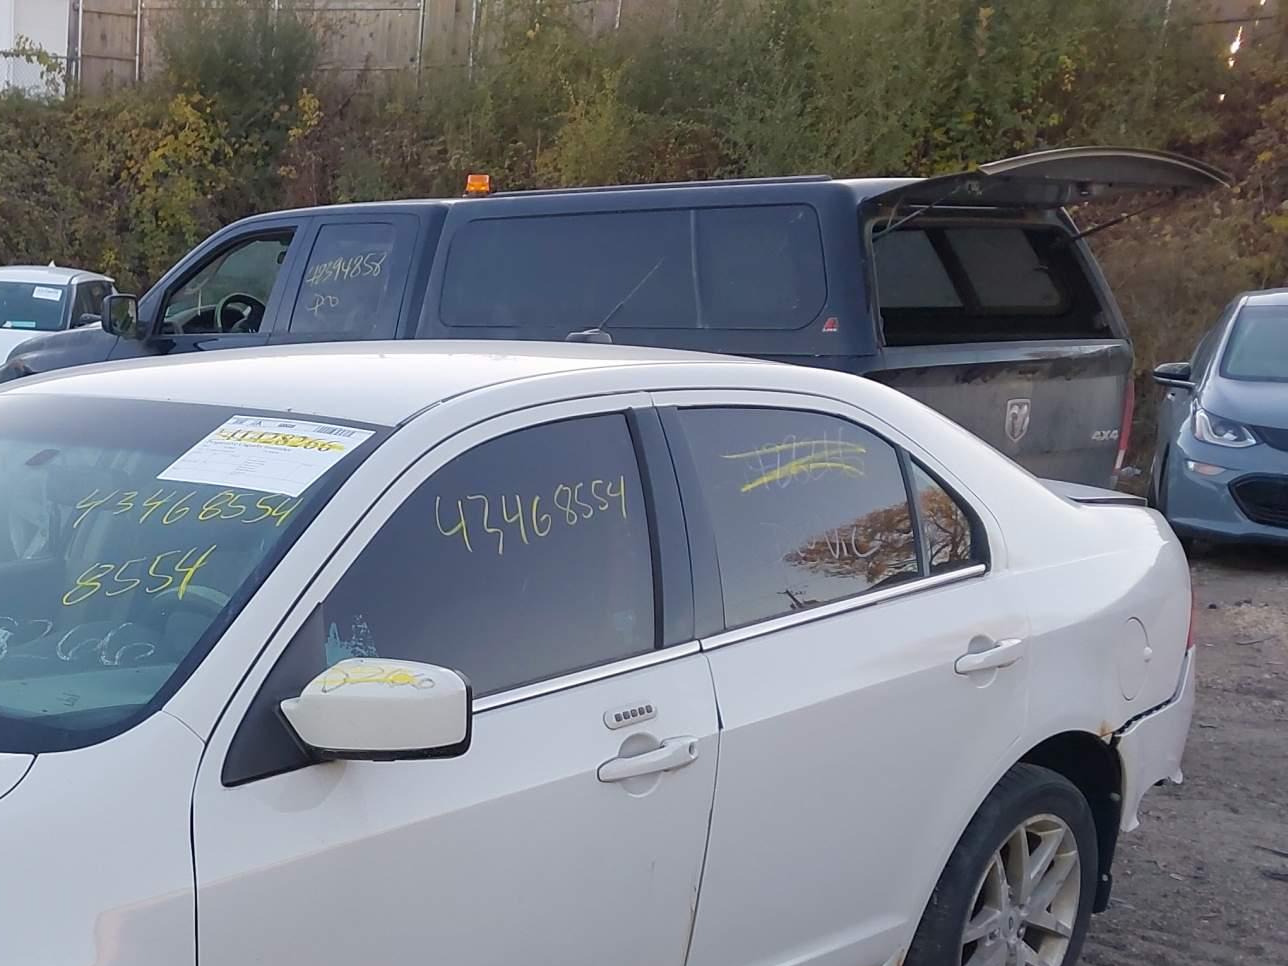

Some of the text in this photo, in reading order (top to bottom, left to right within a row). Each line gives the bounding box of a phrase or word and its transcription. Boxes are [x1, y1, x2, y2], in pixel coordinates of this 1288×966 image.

[72, 488, 304, 528] 43468554
[435, 475, 627, 555] 43468554
[62, 544, 217, 606] 8554
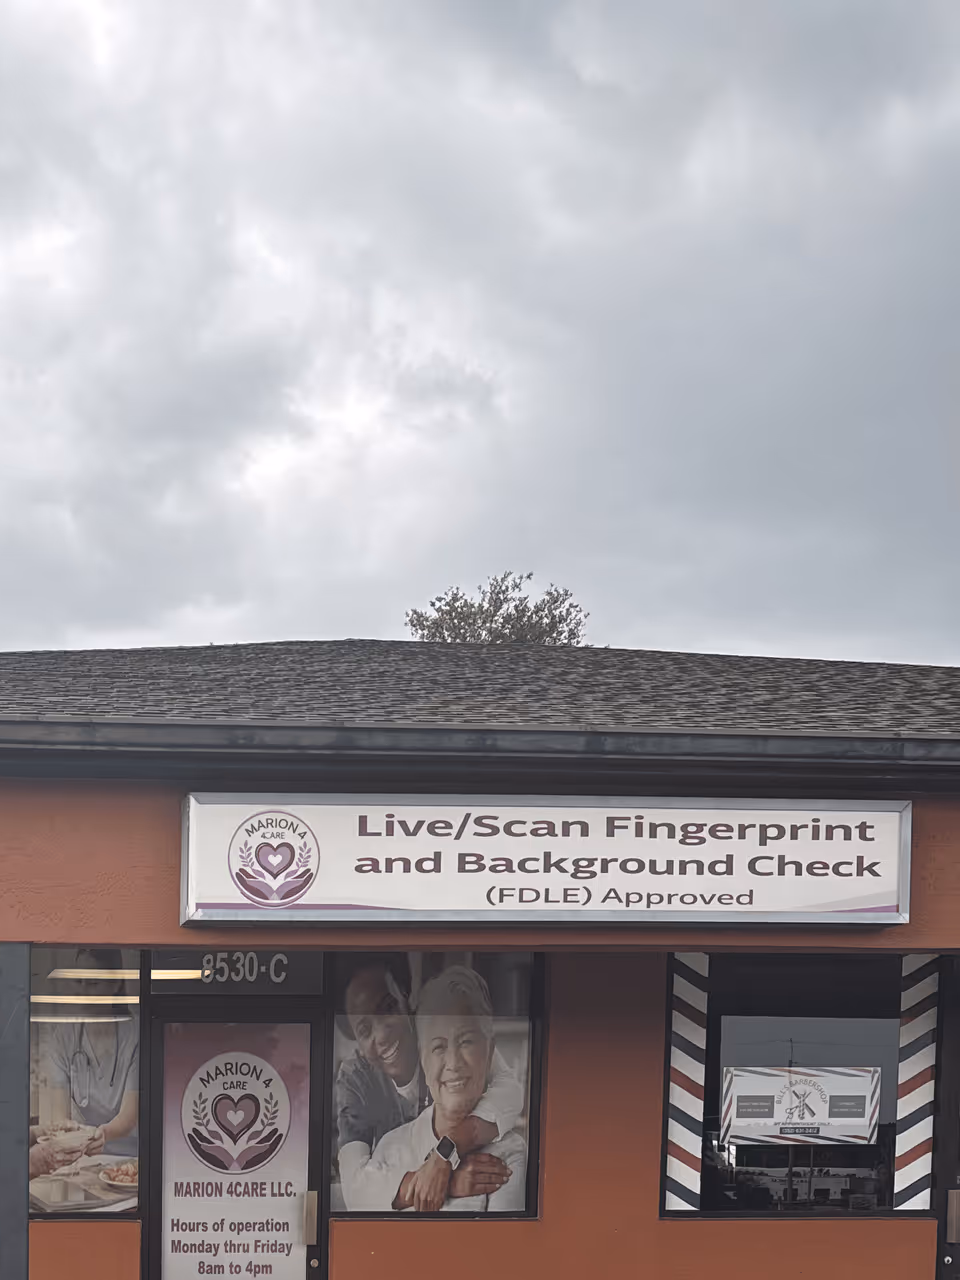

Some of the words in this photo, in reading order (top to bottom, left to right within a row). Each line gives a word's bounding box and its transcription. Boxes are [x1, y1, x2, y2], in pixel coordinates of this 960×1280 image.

[244, 818, 299, 837] MARION
[298, 831, 307, 840] 4
[358, 812, 589, 840] Live/Scan
[606, 815, 875, 846] Fingerprint
[354, 851, 442, 874] and
[457, 851, 734, 879] Background
[747, 855, 882, 877] Check
[486, 886, 592, 906] (FDLE)
[600, 888, 754, 908] Approved
[199, 1062, 263, 1088] MARION
[262, 1076, 273, 1089] 4
[222, 1080, 248, 1091] CARE
[788, 1079, 828, 1104] BARBERSHOP
[174, 1182, 223, 1198] MARION
[226, 1182, 267, 1198] 4CARE
[270, 1182, 297, 1198] LLC.
[170, 1218, 208, 1232] Hours
[212, 1218, 225, 1232] of
[229, 1218, 290, 1235] operation
[170, 1240, 220, 1256] Monday
[224, 1240, 250, 1253] thru
[254, 1240, 293, 1256] Friday
[197, 1261, 225, 1275] 8am
[228, 1262, 241, 1275] to
[245, 1260, 273, 1278] 4pm
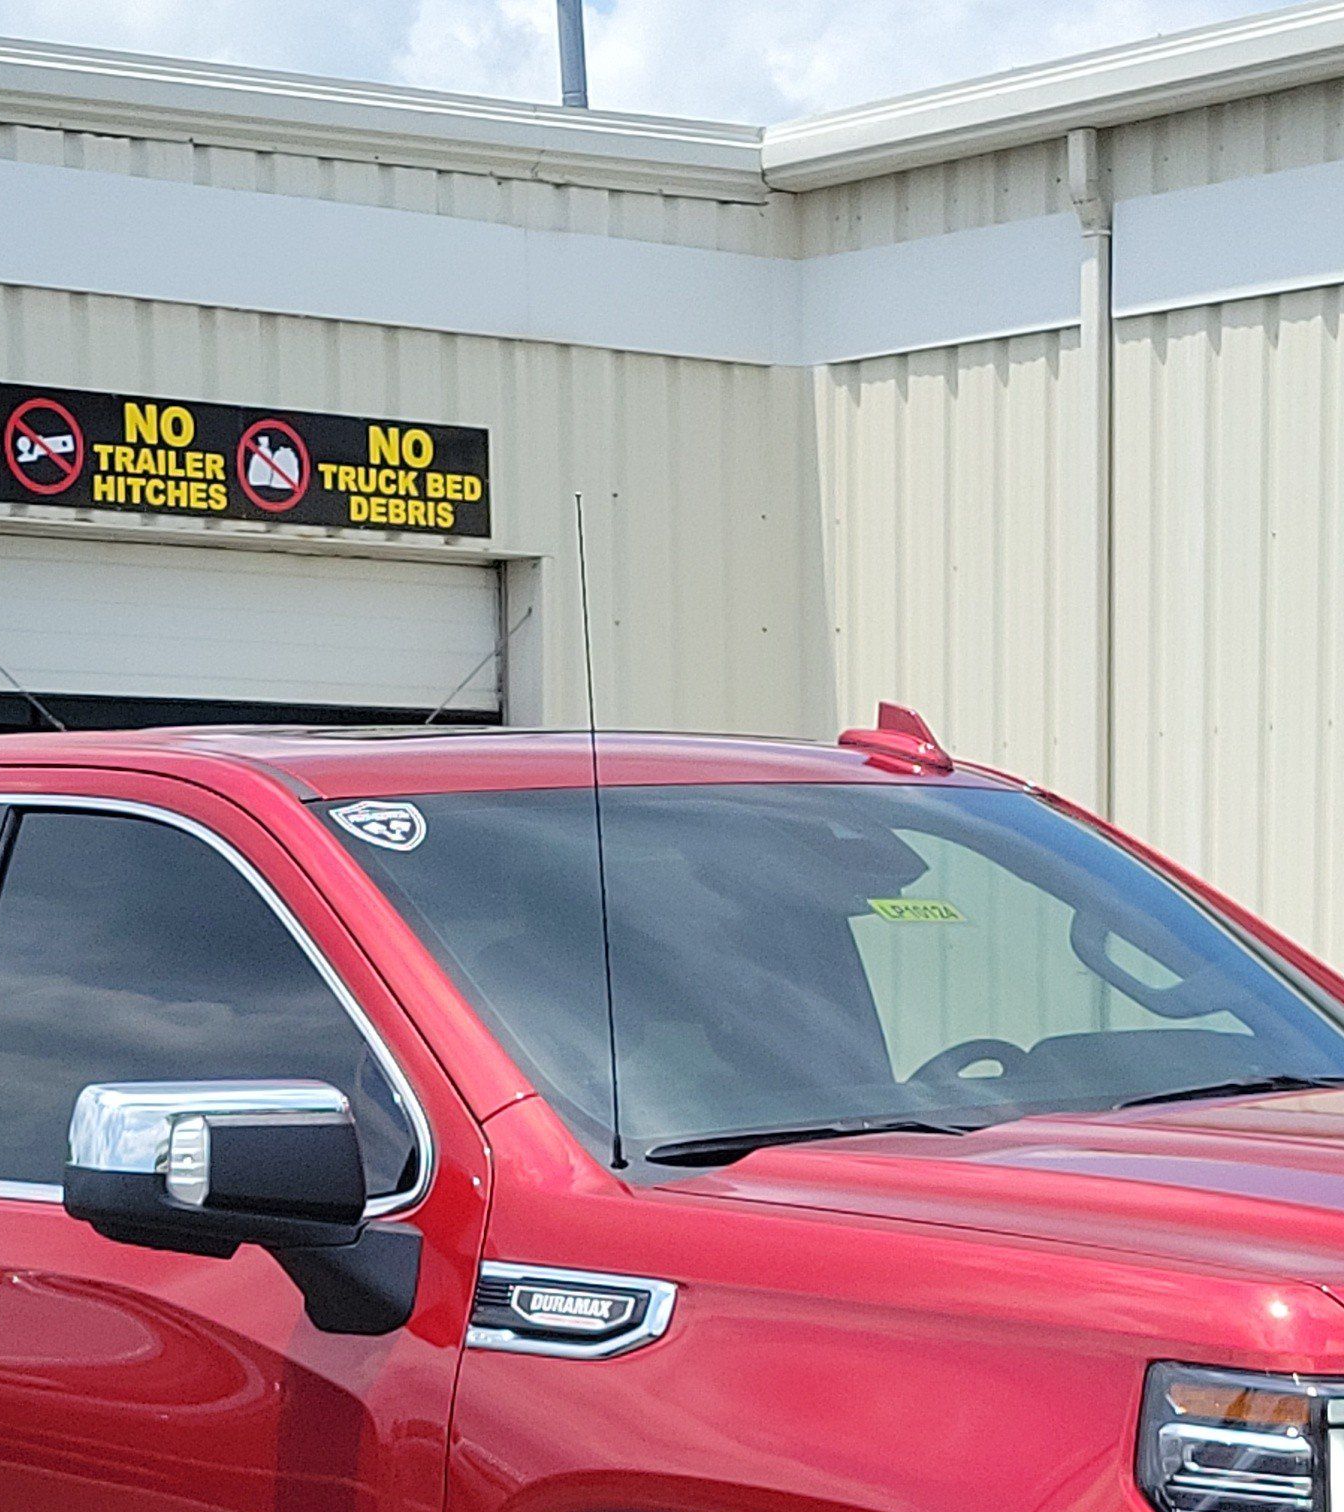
---------------
■ **Exercise objective**:
Repeat the material above word for word but skip the images.

■ **Output**:
Some of the text in this photo, in reading order (top to bottom, left to right within a row). Each line gives the bounding box of a phrase or word and its transcription. Boxes are [x1, y1, x2, y2], in pixel coordinates of this 1288×966 image.

[72, 488, 304, 528] 43468554
[435, 475, 627, 555] 43468554
[62, 544, 217, 606] 8554

Some of the words in this photo, in reading order (top to bottom, left to right within a row). Each line gives a word's bounding box and its transcription. Boxes are [x1, y1, x2, y2], in pixel coordinates of this 960×1280 image.

[244, 818, 299, 837] MARION
[298, 831, 307, 840] 4
[358, 812, 589, 840] Live/Scan
[606, 815, 875, 846] Fingerprint
[354, 851, 442, 874] and
[457, 851, 734, 879] Background
[747, 855, 882, 877] Check
[486, 886, 592, 906] (FDLE)
[600, 888, 754, 908] Approved
[199, 1062, 263, 1088] MARION
[262, 1076, 273, 1089] 4
[222, 1080, 248, 1091] CARE
[788, 1079, 828, 1104] BARBERSHOP
[174, 1182, 223, 1198] MARION
[226, 1182, 267, 1198] 4CARE
[270, 1182, 297, 1198] LLC.
[170, 1218, 208, 1232] Hours
[212, 1218, 225, 1232] of
[229, 1218, 290, 1235] operation
[170, 1240, 220, 1256] Monday
[224, 1240, 250, 1253] thru
[254, 1240, 293, 1256] Friday
[197, 1261, 225, 1275] 8am
[228, 1262, 241, 1275] to
[245, 1260, 273, 1278] 4pm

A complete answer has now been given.